__The data__:
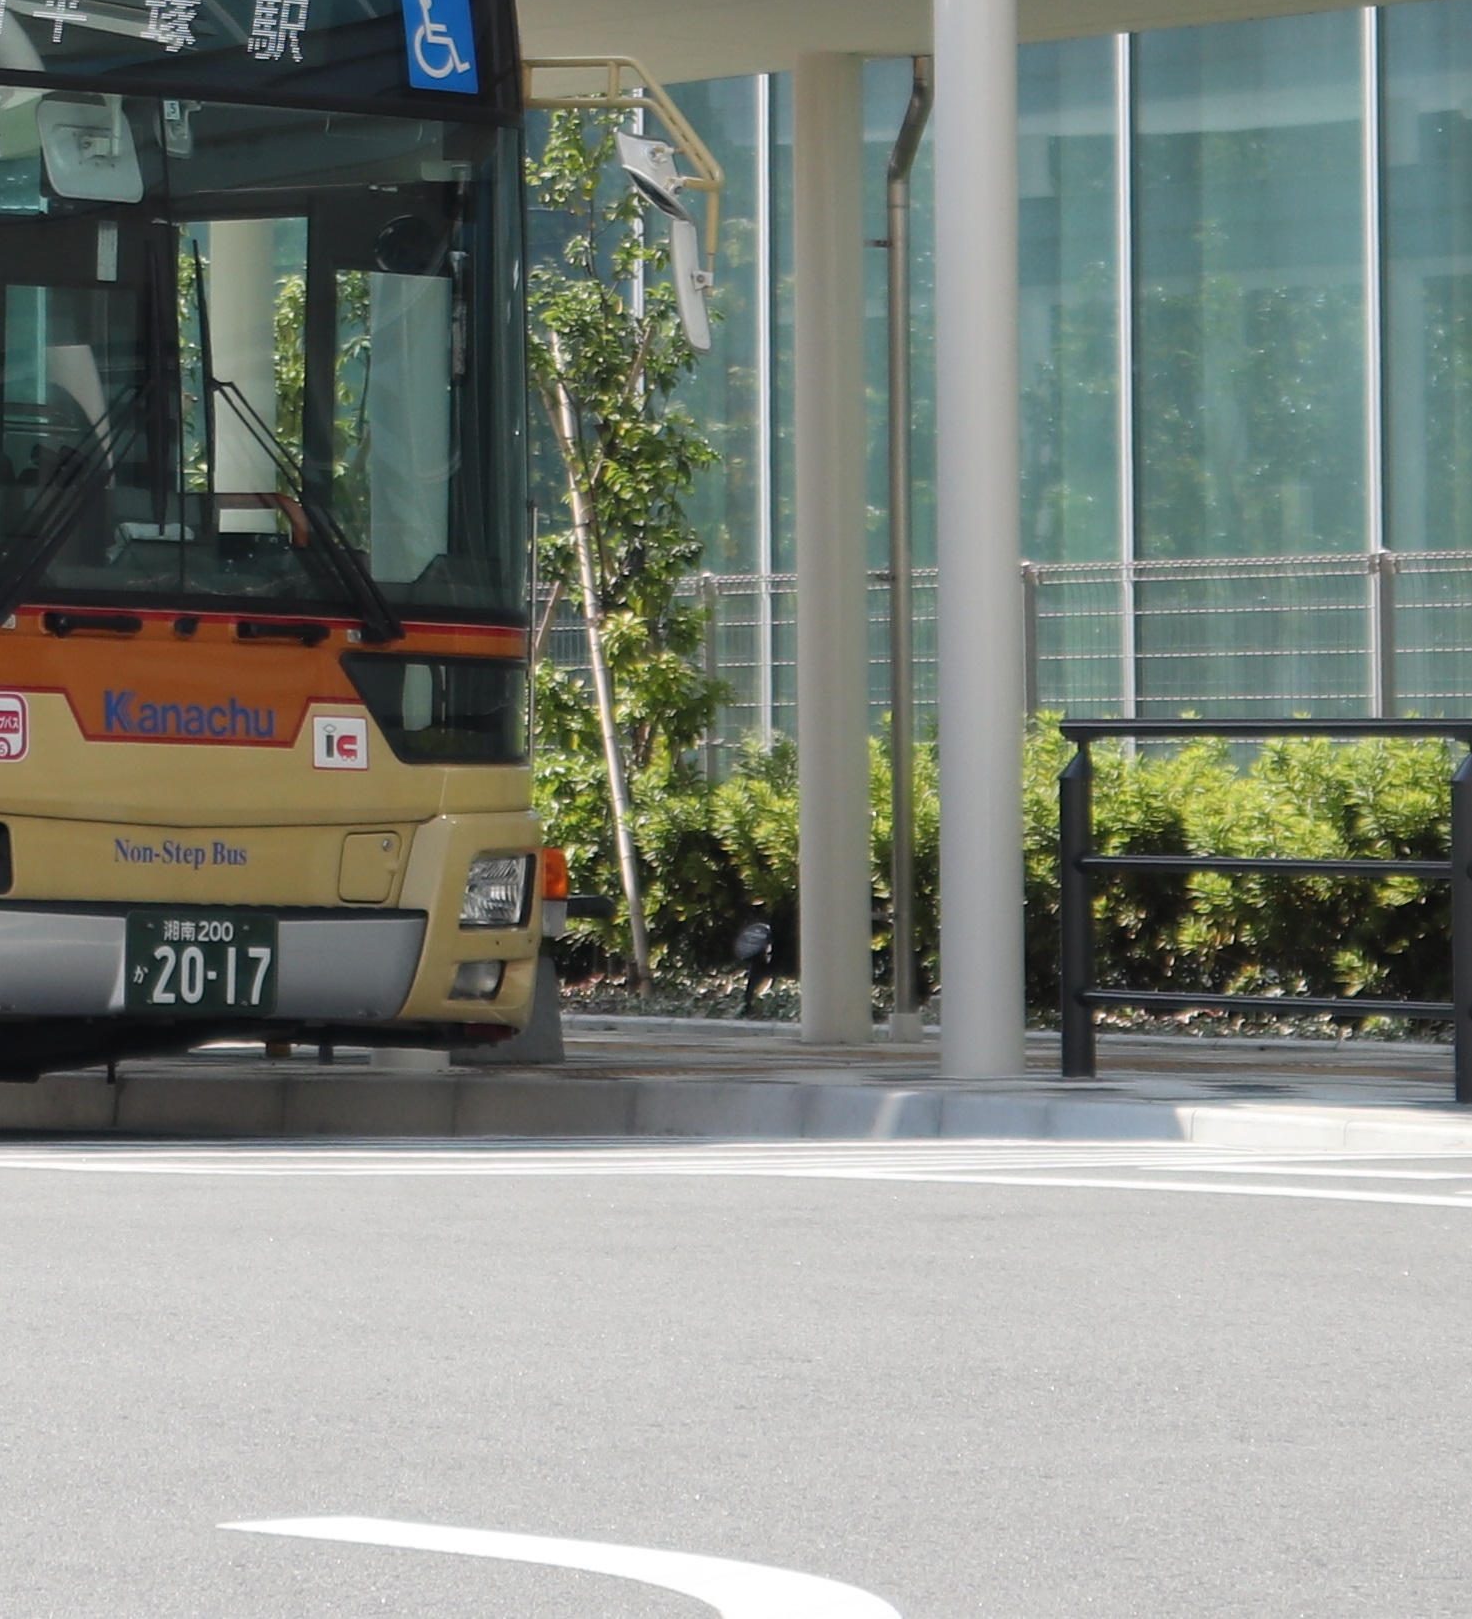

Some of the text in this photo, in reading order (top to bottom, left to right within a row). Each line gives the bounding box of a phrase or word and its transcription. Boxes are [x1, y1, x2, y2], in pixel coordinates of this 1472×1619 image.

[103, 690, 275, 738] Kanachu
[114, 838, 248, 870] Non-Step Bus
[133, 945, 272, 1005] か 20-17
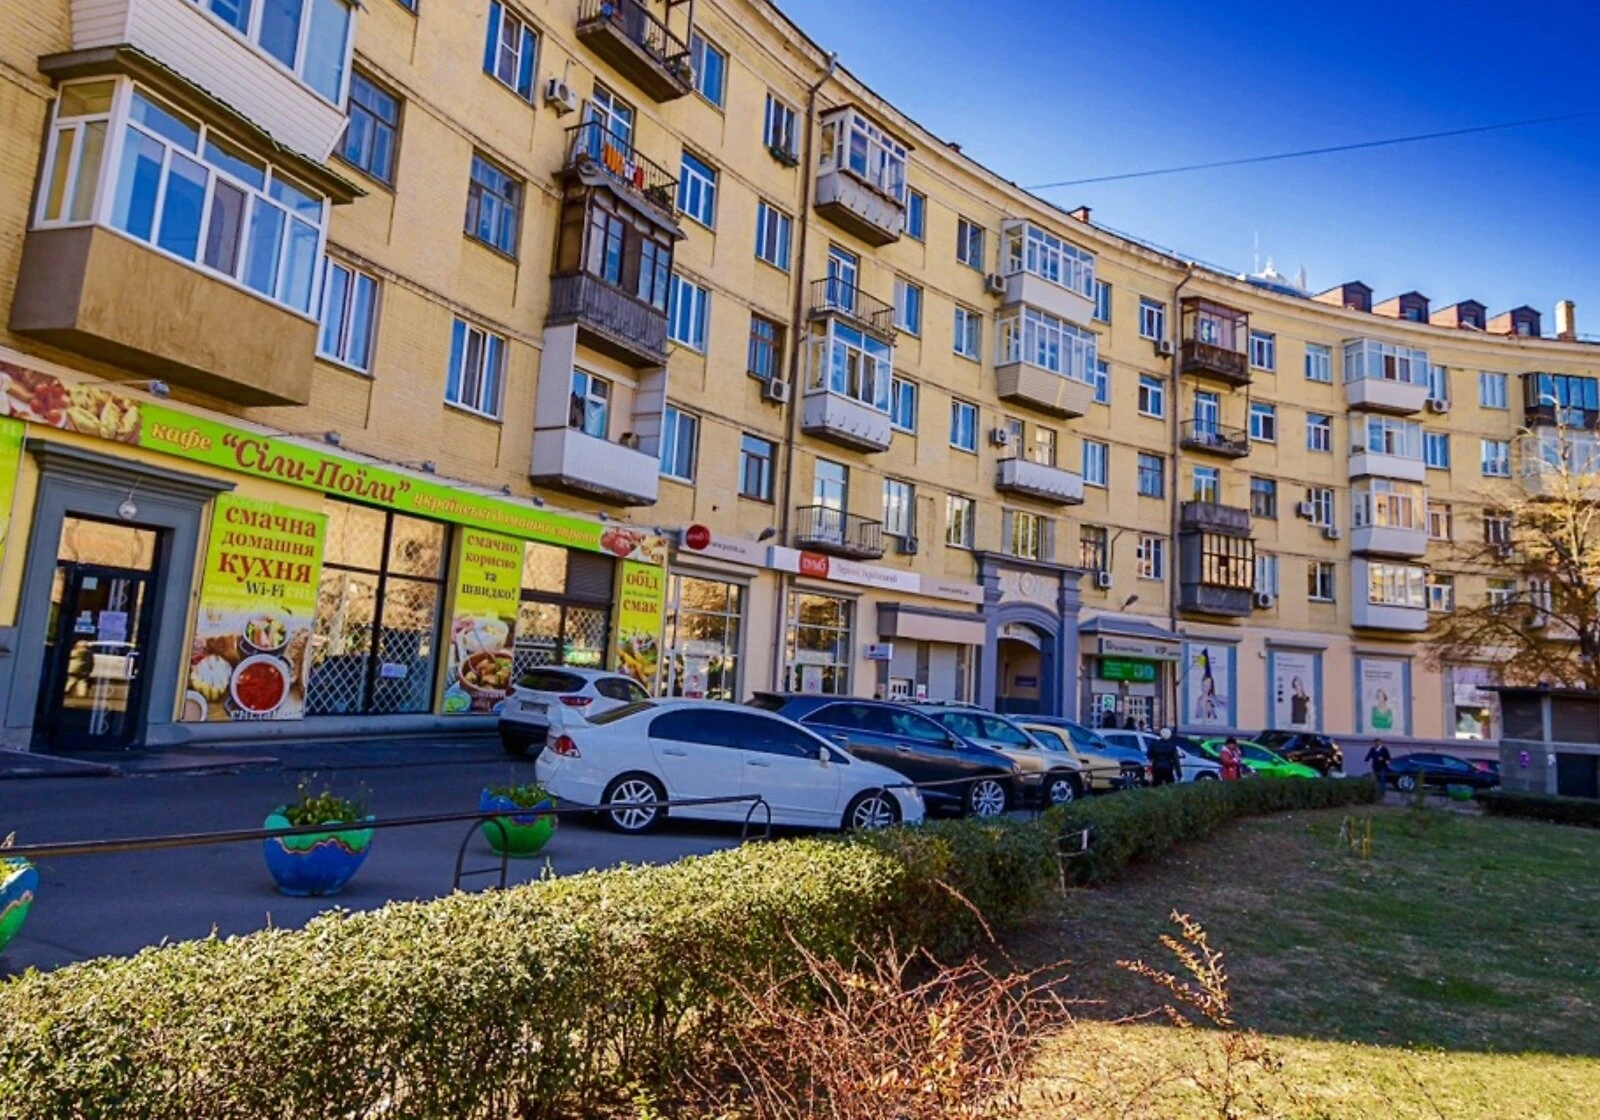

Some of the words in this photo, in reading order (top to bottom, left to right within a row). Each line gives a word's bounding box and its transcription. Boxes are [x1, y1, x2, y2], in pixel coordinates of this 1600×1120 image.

__Your task__: The entries above are to be reproduced exactly, with the pictures dropped.

__Output of the exercise__:
Some of the text in this photo, in reading order (top to bottom, left to right within a row). Each line gives the bounding box of a phrase or word and its transcription. Boxes are [x1, y1, x2, y2], in pixel coordinates of this 1472×1619 image.

[103, 690, 275, 738] Kanachu
[114, 838, 248, 870] Non-Step Bus
[133, 945, 272, 1005] か 20-17

Some of the words in this photo, in reading order (top to bottom, left to right within a row). Each line gives a word's bounding box and its transcription. Boxes are [x1, y1, x2, y2], in pixel coordinates of this 1600×1120 image.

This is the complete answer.